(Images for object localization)
━━━━━━━━━━━━━━━━━━━━━━━━━━━━━━

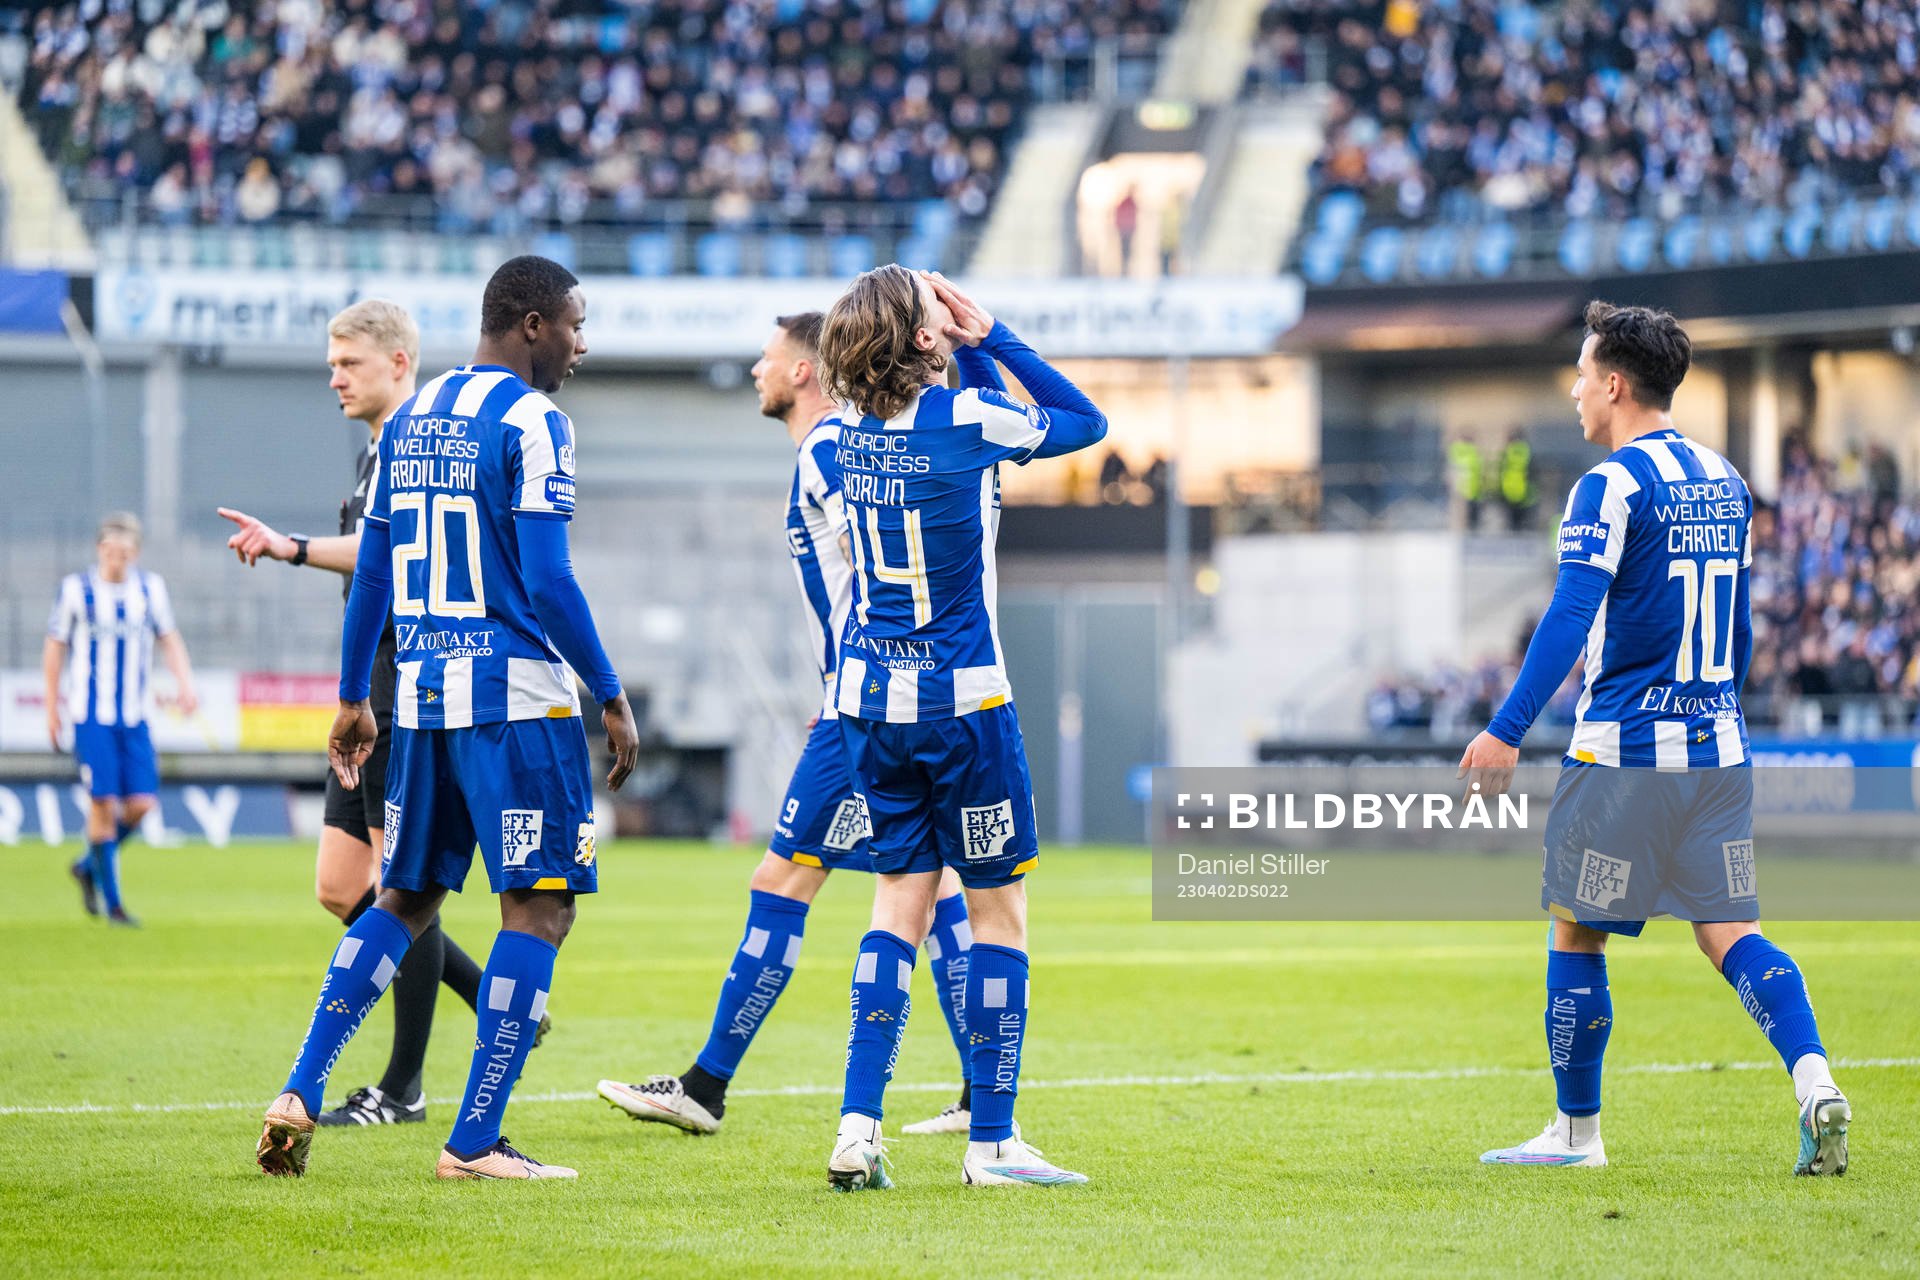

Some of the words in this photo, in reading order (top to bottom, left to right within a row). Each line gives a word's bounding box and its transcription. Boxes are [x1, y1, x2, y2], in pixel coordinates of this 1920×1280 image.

[407, 418, 468, 438] NORDIC
[393, 438, 480, 459] WELLNESS
[842, 429, 907, 452] NORDIC
[1668, 481, 1733, 502] NORDIC
[1654, 500, 1745, 523] WELLNESS
[1561, 522, 1607, 540] morris
[1667, 524, 1739, 553] CARNEIL
[390, 492, 487, 621] 20
[846, 503, 932, 630] 14
[1667, 558, 1738, 686] 10
[395, 624, 418, 652] El
[889, 659, 935, 671] INSTALCO
[1637, 686, 1672, 712] El
[503, 813, 533, 830] EFF
[783, 798, 800, 824] 9
[966, 806, 1003, 826] EFF
[503, 829, 537, 846] EKT
[967, 818, 1010, 841] EKT
[968, 839, 992, 855] IV
[1585, 853, 1622, 876] EFF
[1582, 867, 1624, 893] EKT
[1731, 876, 1750, 894] IV
[1580, 882, 1602, 902] IV
[729, 966, 784, 1040] SILFVERLOK
[1552, 996, 1577, 1072] SILFVERLOK
[993, 1012, 1020, 1093] SILFVERLOK
[464, 1017, 521, 1123] SILFVERLOK

━━━━━━━━━━━━━━━━━━━━━━━━━━━━━━

> [Instructions for the task]:
Could you write out the records exactly while omitting every picture?

> [Completed exercise]:
Some of the words in this photo, in reading order (top to bottom, left to right within a row). Each line gives a word's bounding box and its transcription. Boxes are [x1, y1, x2, y2], in pixel coordinates of this 1920×1280 image.

[407, 418, 468, 438] NORDIC
[393, 438, 480, 459] WELLNESS
[842, 429, 907, 452] NORDIC
[1668, 481, 1733, 502] NORDIC
[1654, 500, 1745, 523] WELLNESS
[1561, 522, 1607, 540] morris
[1667, 524, 1739, 553] CARNEIL
[390, 492, 487, 621] 20
[846, 503, 932, 630] 14
[1667, 558, 1738, 686] 10
[395, 624, 418, 652] El
[889, 659, 935, 671] INSTALCO
[1637, 686, 1672, 712] El
[503, 813, 533, 830] EFF
[783, 798, 800, 824] 9
[966, 806, 1003, 826] EFF
[503, 829, 537, 846] EKT
[967, 818, 1010, 841] EKT
[968, 839, 992, 855] IV
[1585, 853, 1622, 876] EFF
[1582, 867, 1624, 893] EKT
[1731, 876, 1750, 894] IV
[1580, 882, 1602, 902] IV
[729, 966, 784, 1040] SILFVERLOK
[1552, 996, 1577, 1072] SILFVERLOK
[993, 1012, 1020, 1093] SILFVERLOK
[464, 1017, 521, 1123] SILFVERLOK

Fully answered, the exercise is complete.